[WORK ITEM] Reproduce every record below exactly, with the pictures left out.

[Dataset items]
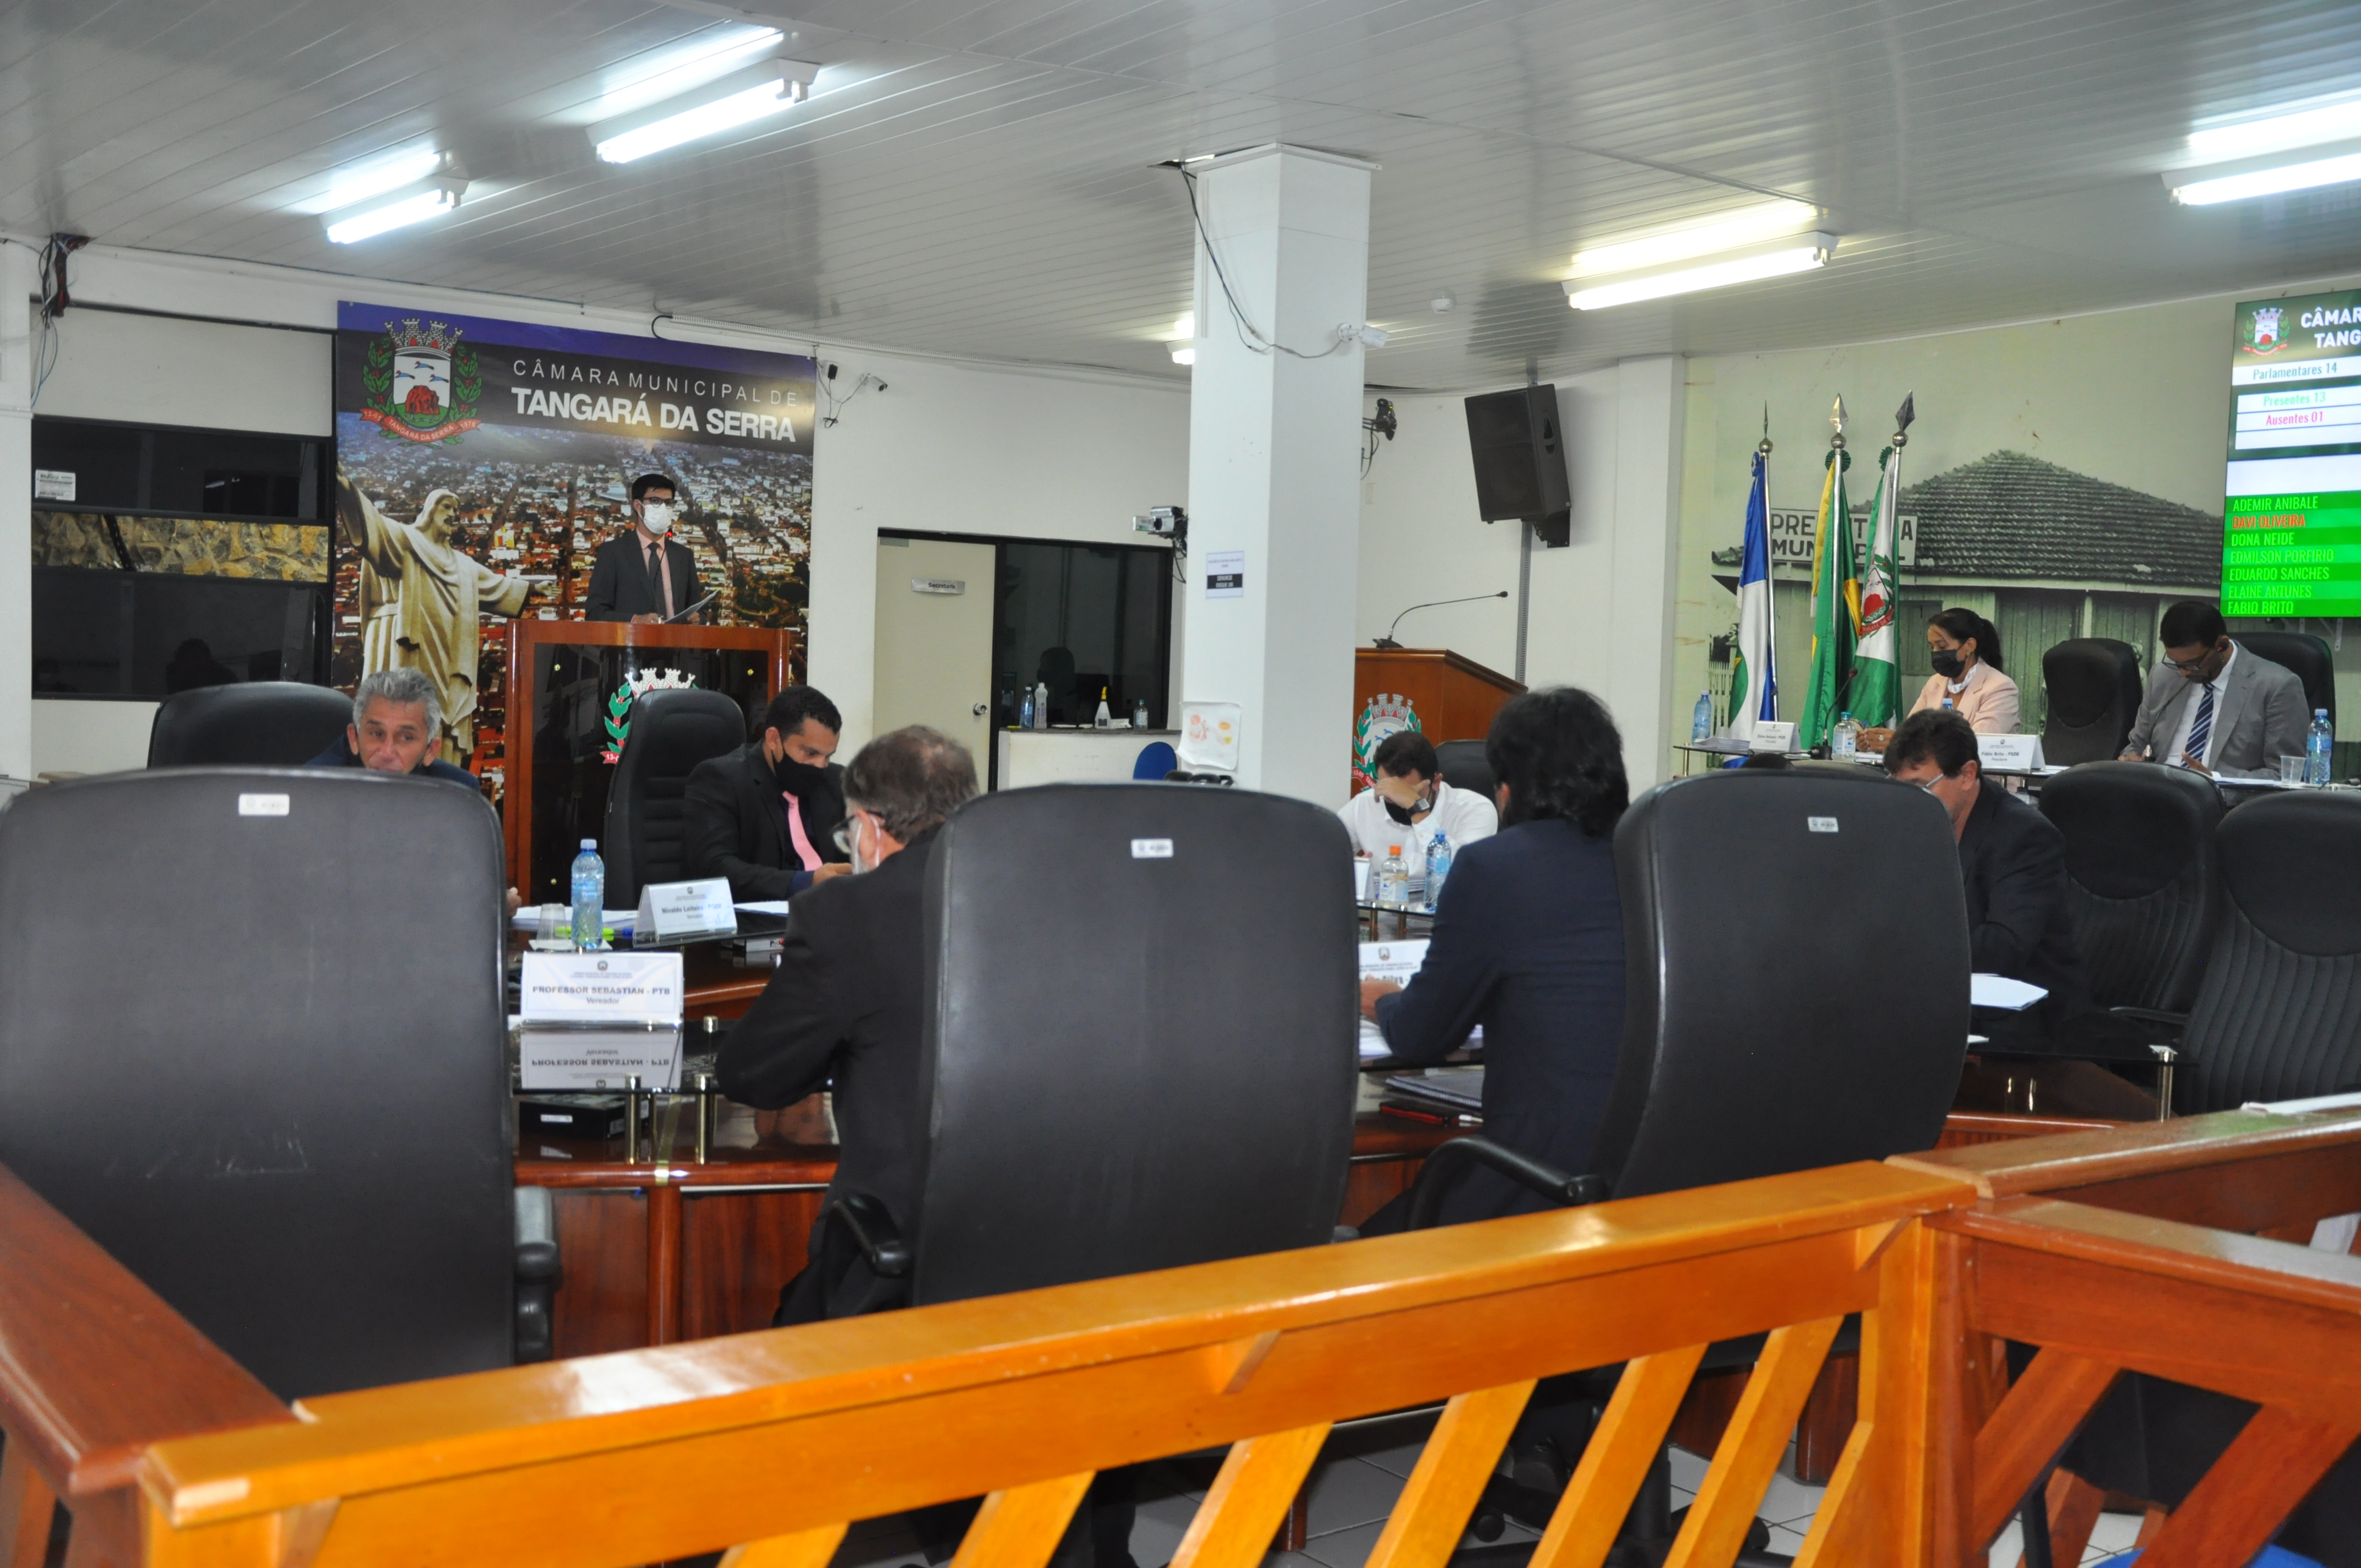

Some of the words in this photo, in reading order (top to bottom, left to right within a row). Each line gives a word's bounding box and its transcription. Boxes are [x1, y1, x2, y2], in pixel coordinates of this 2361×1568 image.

[2253, 364, 2322, 380] Parlamentares
[2326, 362, 2337, 373] 14
[513, 358, 620, 386] CÂMARA
[628, 372, 761, 402] MUNICIPAL
[771, 386, 797, 407] DE
[2264, 394, 2310, 406] Presentes
[2314, 391, 2326, 402] 13
[511, 387, 651, 427] TANGARÁ
[660, 402, 699, 432] DA
[706, 407, 796, 443] SERRA
[2266, 414, 2308, 426] Ausentes
[2311, 411, 2323, 422] 01
[388, 419, 418, 439] TANGARÁ
[431, 425, 454, 439] SERRA
[460, 420, 476, 429] 1976
[2233, 498, 2272, 511] ADEMIR
[2275, 496, 2318, 510] ANIBALE
[2233, 516, 2255, 529] DAVI
[2259, 514, 2305, 527] OLIVEIRA
[2232, 533, 2260, 546] DONA
[2264, 532, 2294, 545] NEIDE
[2231, 551, 2281, 563] EDMILSON
[2285, 549, 2334, 562] PORFIRIO
[2230, 568, 2277, 580] EDUARDO
[2281, 567, 2329, 580] SANCHES
[2229, 585, 2262, 598] ELAINE
[2266, 585, 2313, 597] ANTUNES
[2228, 601, 2258, 613] FABIO
[2262, 601, 2294, 613] BRITO
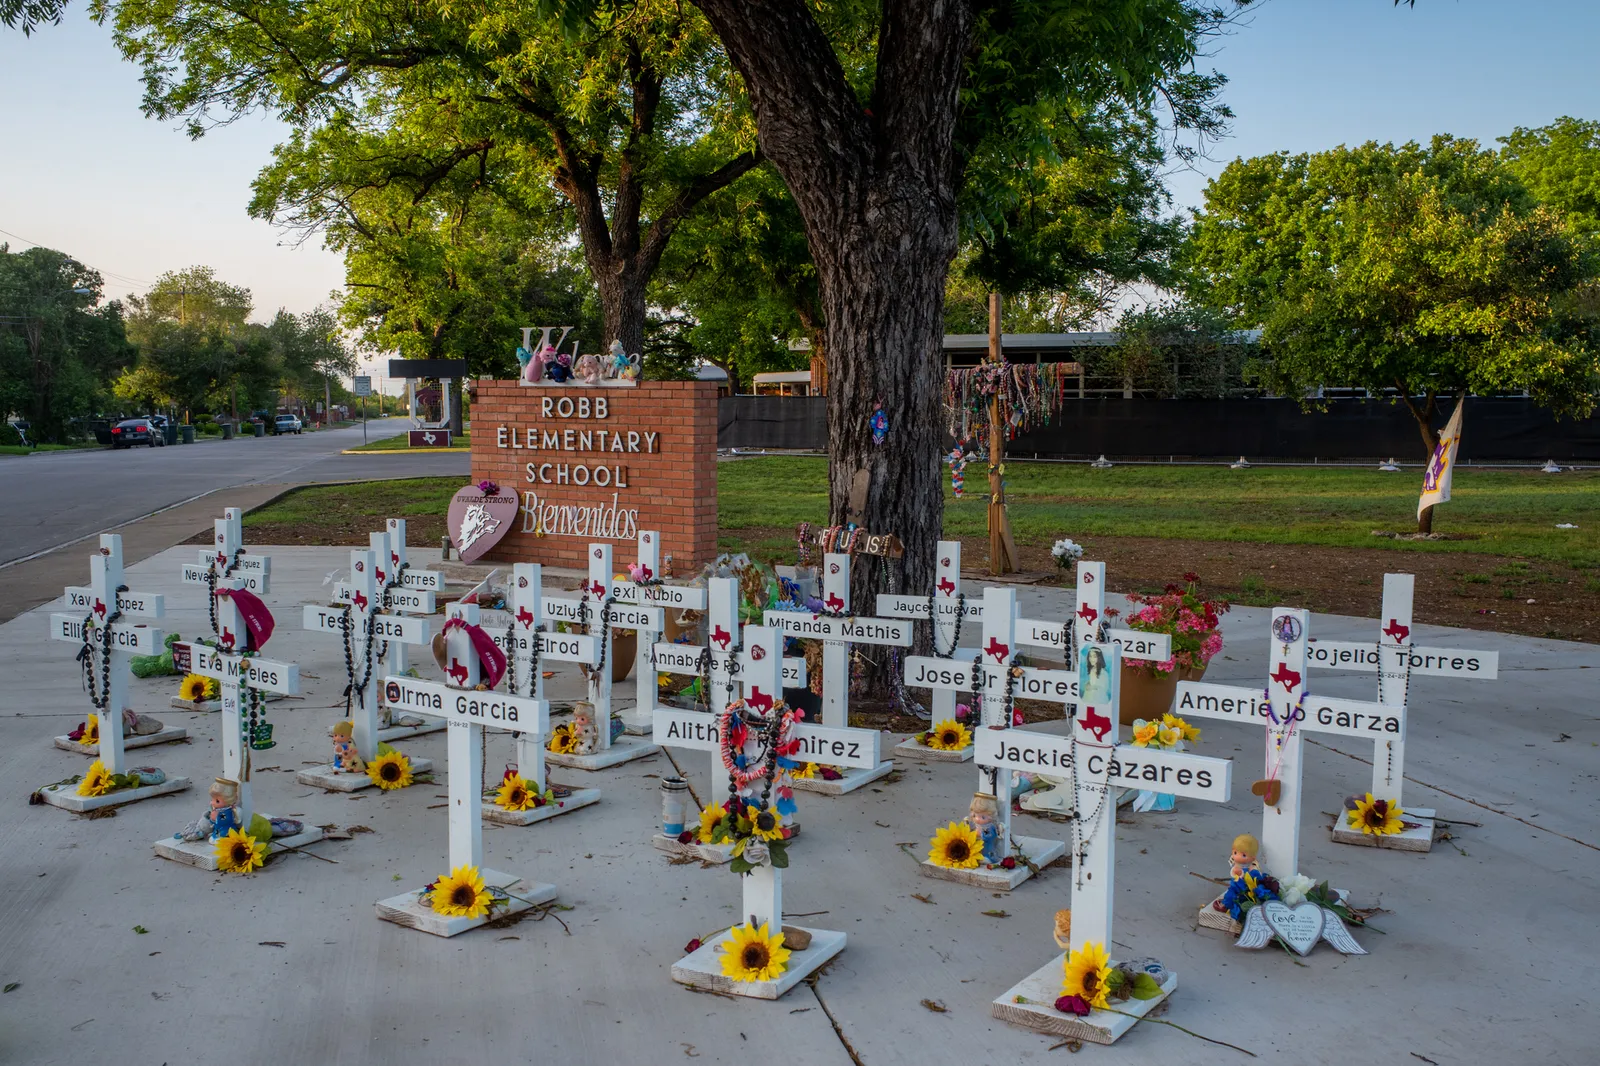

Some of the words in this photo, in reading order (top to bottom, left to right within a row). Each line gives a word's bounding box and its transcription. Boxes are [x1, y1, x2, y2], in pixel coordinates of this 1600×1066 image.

[WRITTEN ANSWER]
Some of the words in this photo, in reading order (top to bottom, left to right within a row). Each line gives a word's bounding box and its transcription. Boxes are [x1, y1, x2, y2], in pixel coordinates of this 2361×1568 image.

[2253, 364, 2322, 380] Parlamentares
[2326, 362, 2337, 373] 14
[513, 358, 620, 386] CÂMARA
[628, 372, 761, 402] MUNICIPAL
[771, 386, 797, 407] DE
[2264, 394, 2310, 406] Presentes
[2314, 391, 2326, 402] 13
[511, 387, 651, 427] TANGARÁ
[660, 402, 699, 432] DA
[706, 407, 796, 443] SERRA
[2266, 414, 2308, 426] Ausentes
[2311, 411, 2323, 422] 01
[388, 419, 418, 439] TANGARÁ
[431, 425, 454, 439] SERRA
[460, 420, 476, 429] 1976
[2233, 498, 2272, 511] ADEMIR
[2275, 496, 2318, 510] ANIBALE
[2233, 516, 2255, 529] DAVI
[2259, 514, 2305, 527] OLIVEIRA
[2232, 533, 2260, 546] DONA
[2264, 532, 2294, 545] NEIDE
[2231, 551, 2281, 563] EDMILSON
[2285, 549, 2334, 562] PORFIRIO
[2230, 568, 2277, 580] EDUARDO
[2281, 567, 2329, 580] SANCHES
[2229, 585, 2262, 598] ELAINE
[2266, 585, 2313, 597] ANTUNES
[2228, 601, 2258, 613] FABIO
[2262, 601, 2294, 613] BRITO

Some of the words in this photo, in reading order (top to bottom, left to right within a row). Each line gives a word's bounding box and its transcription. Boxes are [x1, y1, x2, y2], in pixel coordinates of this 1600×1066 image.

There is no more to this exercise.